▶ **Task instructions**: All entries are to be copied exactly, with pictures removed.

Collected data
____________

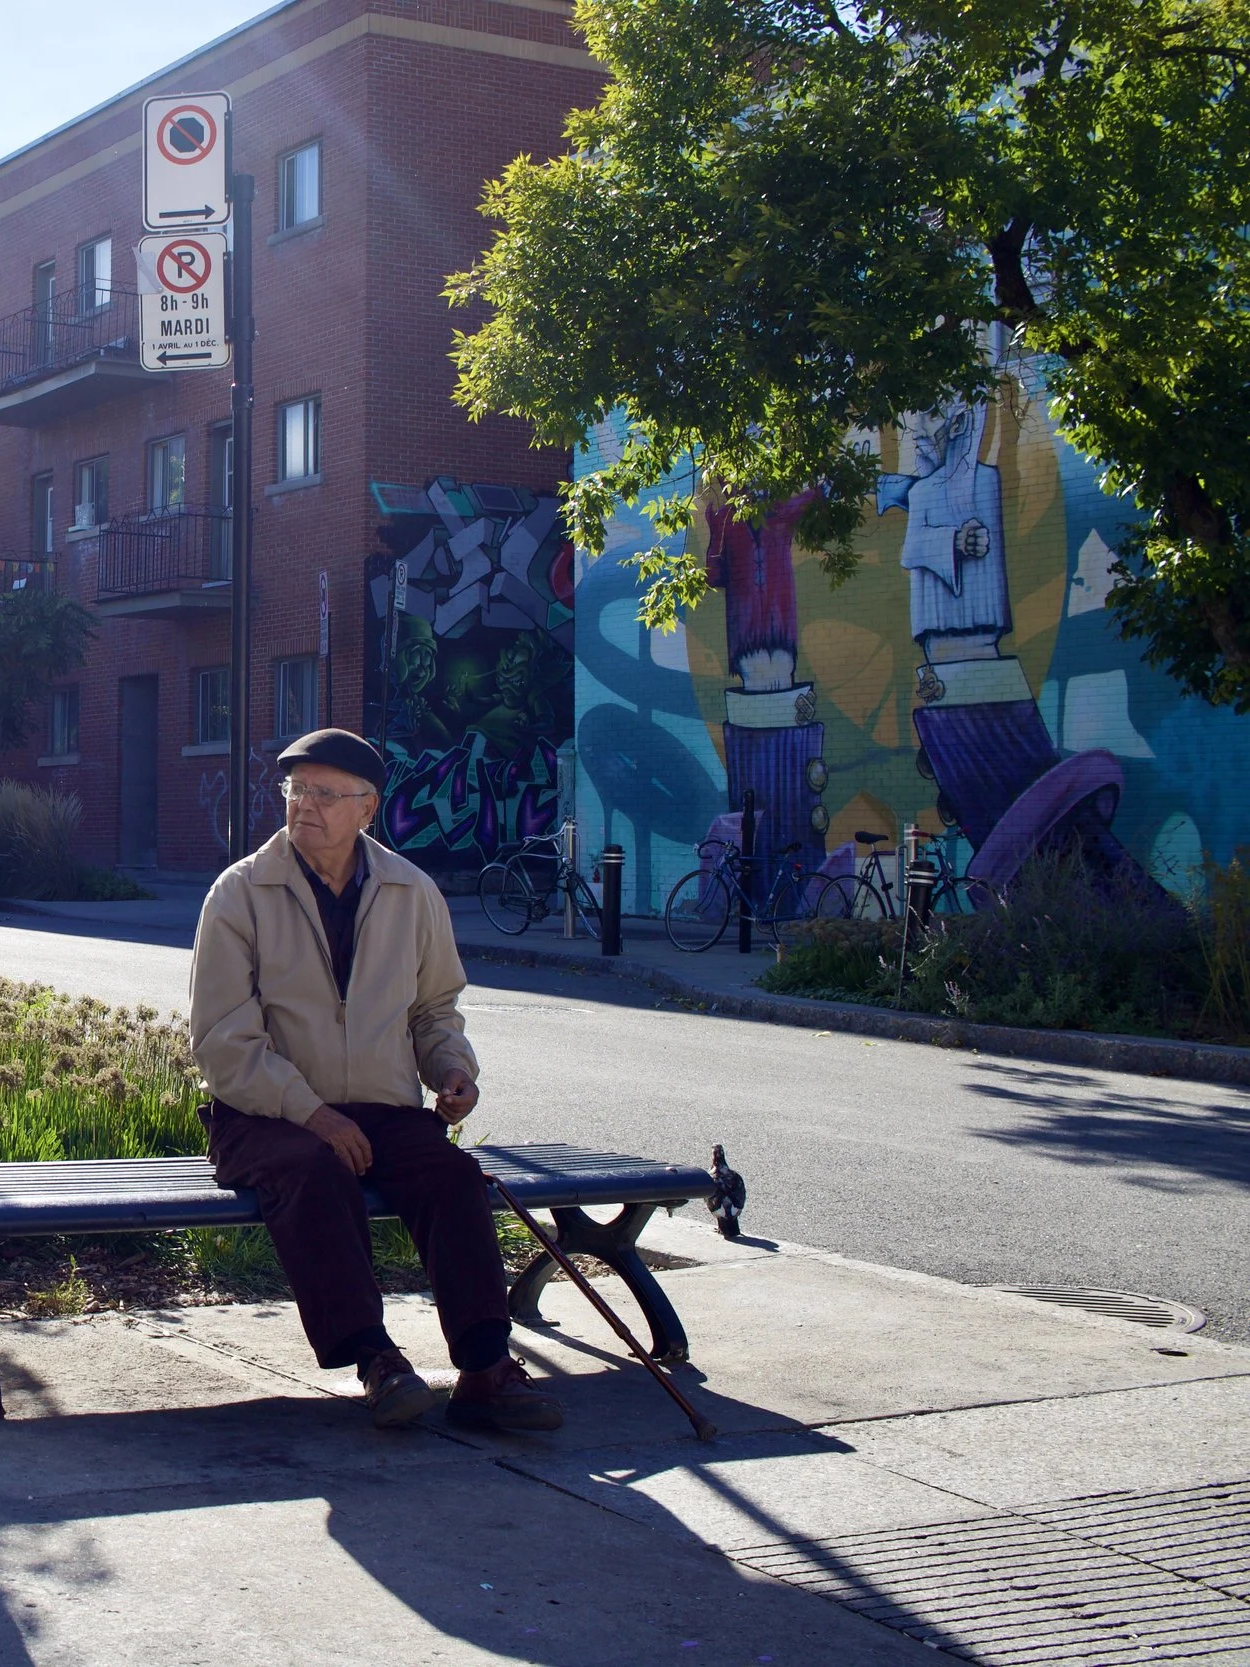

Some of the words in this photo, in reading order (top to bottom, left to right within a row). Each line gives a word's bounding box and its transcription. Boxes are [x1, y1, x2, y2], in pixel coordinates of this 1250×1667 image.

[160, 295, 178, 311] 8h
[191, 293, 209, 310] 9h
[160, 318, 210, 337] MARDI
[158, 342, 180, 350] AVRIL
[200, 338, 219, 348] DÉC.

____________

▶ **The completed task**:
Some of the words in this photo, in reading order (top to bottom, left to right within a row). Each line gives a word's bounding box and its transcription. Boxes are [x1, y1, x2, y2], in pixel coordinates of this 1250×1667 image.

[160, 295, 178, 311] 8h
[191, 293, 209, 310] 9h
[160, 318, 210, 337] MARDI
[158, 342, 180, 350] AVRIL
[200, 338, 219, 348] DÉC.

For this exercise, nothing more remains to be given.